◆ WHAT TO WORK ON
Apart from the images, output the data below exactly.
━━━━━━
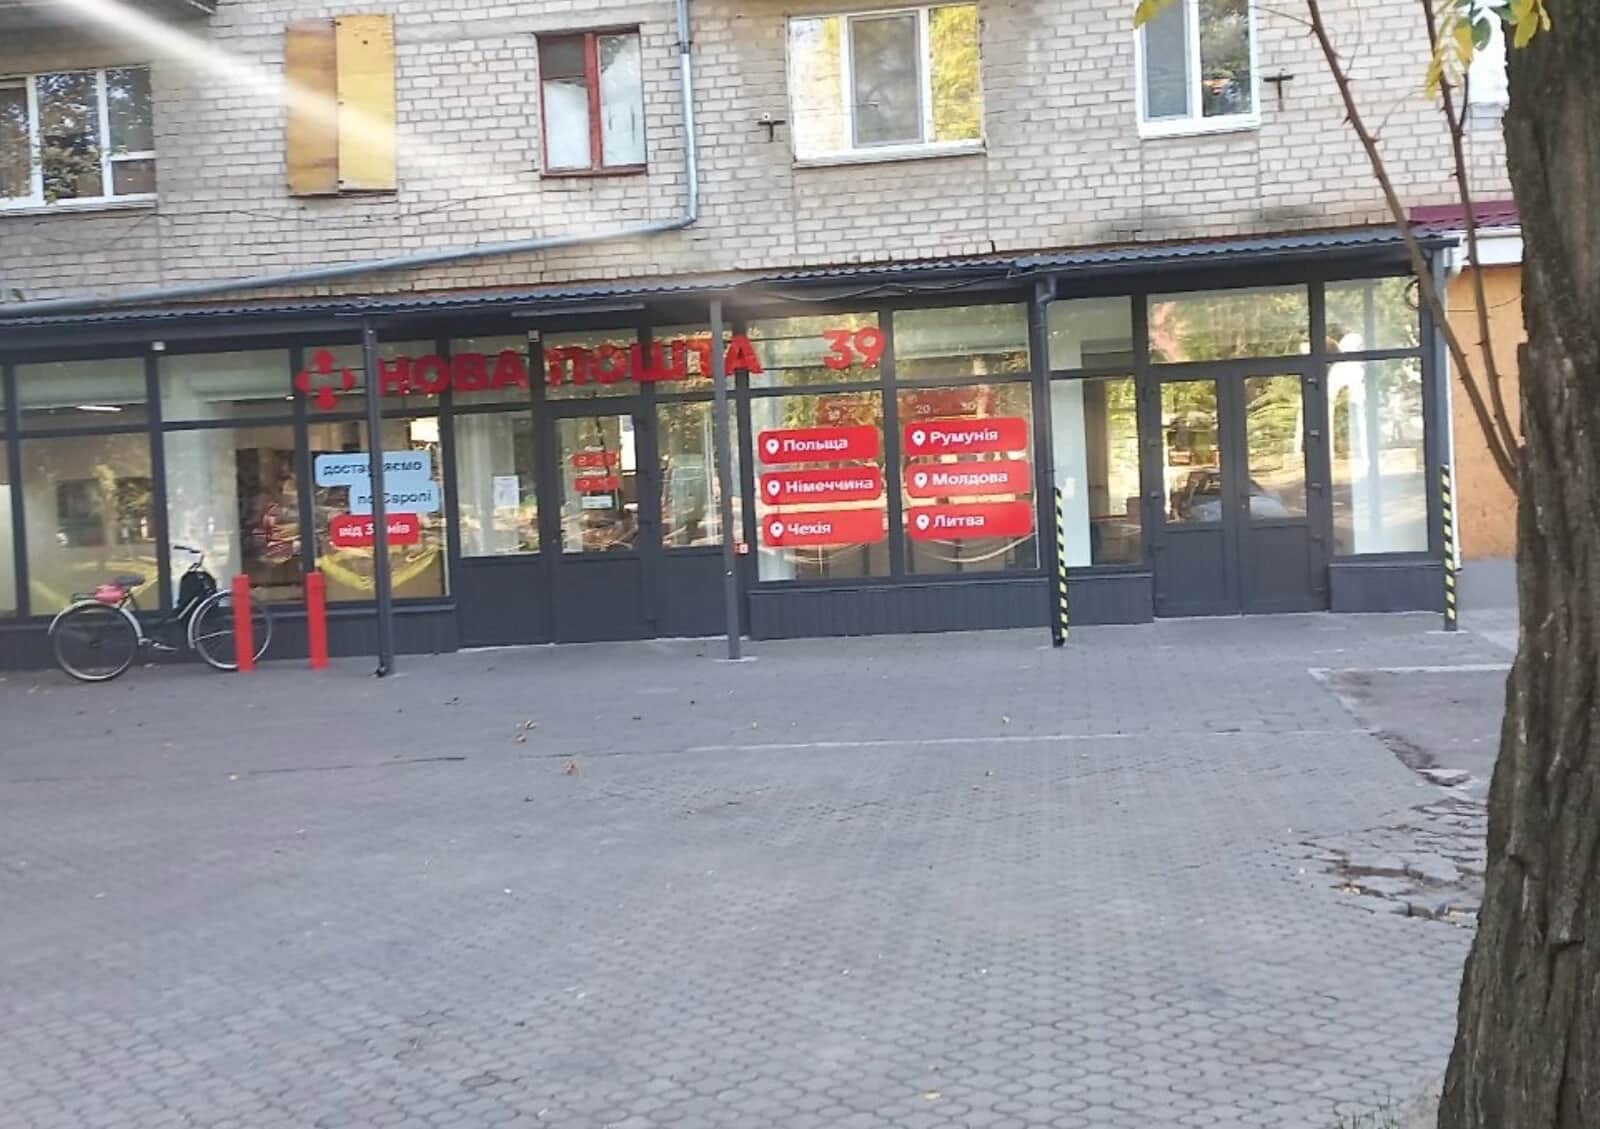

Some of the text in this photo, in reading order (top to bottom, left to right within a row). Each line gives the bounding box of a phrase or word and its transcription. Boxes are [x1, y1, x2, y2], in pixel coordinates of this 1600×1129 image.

[379, 327, 885, 395] НОВА ПОШТА 39
[784, 437, 848, 454] Польща
[930, 430, 998, 446] Румунія
[932, 470, 1008, 486] Молдова
[786, 478, 874, 495] Німеччина
[788, 522, 832, 537] Чехія
[934, 514, 984, 529] Литва
━━━━━━
◆ SOLUTION TO THIS EXERCISE
Some of the text in this photo, in reading order (top to bottom, left to right within a row). Each line gives the bounding box of a phrase or word and its transcription. Boxes are [x1, y1, x2, y2], in pixel coordinates of this 1600×1129 image.

[379, 327, 885, 395] НОВА ПОШТА 39
[784, 437, 848, 454] Польща
[930, 430, 998, 446] Румунія
[932, 470, 1008, 486] Молдова
[786, 478, 874, 495] Німеччина
[788, 522, 832, 537] Чехія
[934, 514, 984, 529] Литва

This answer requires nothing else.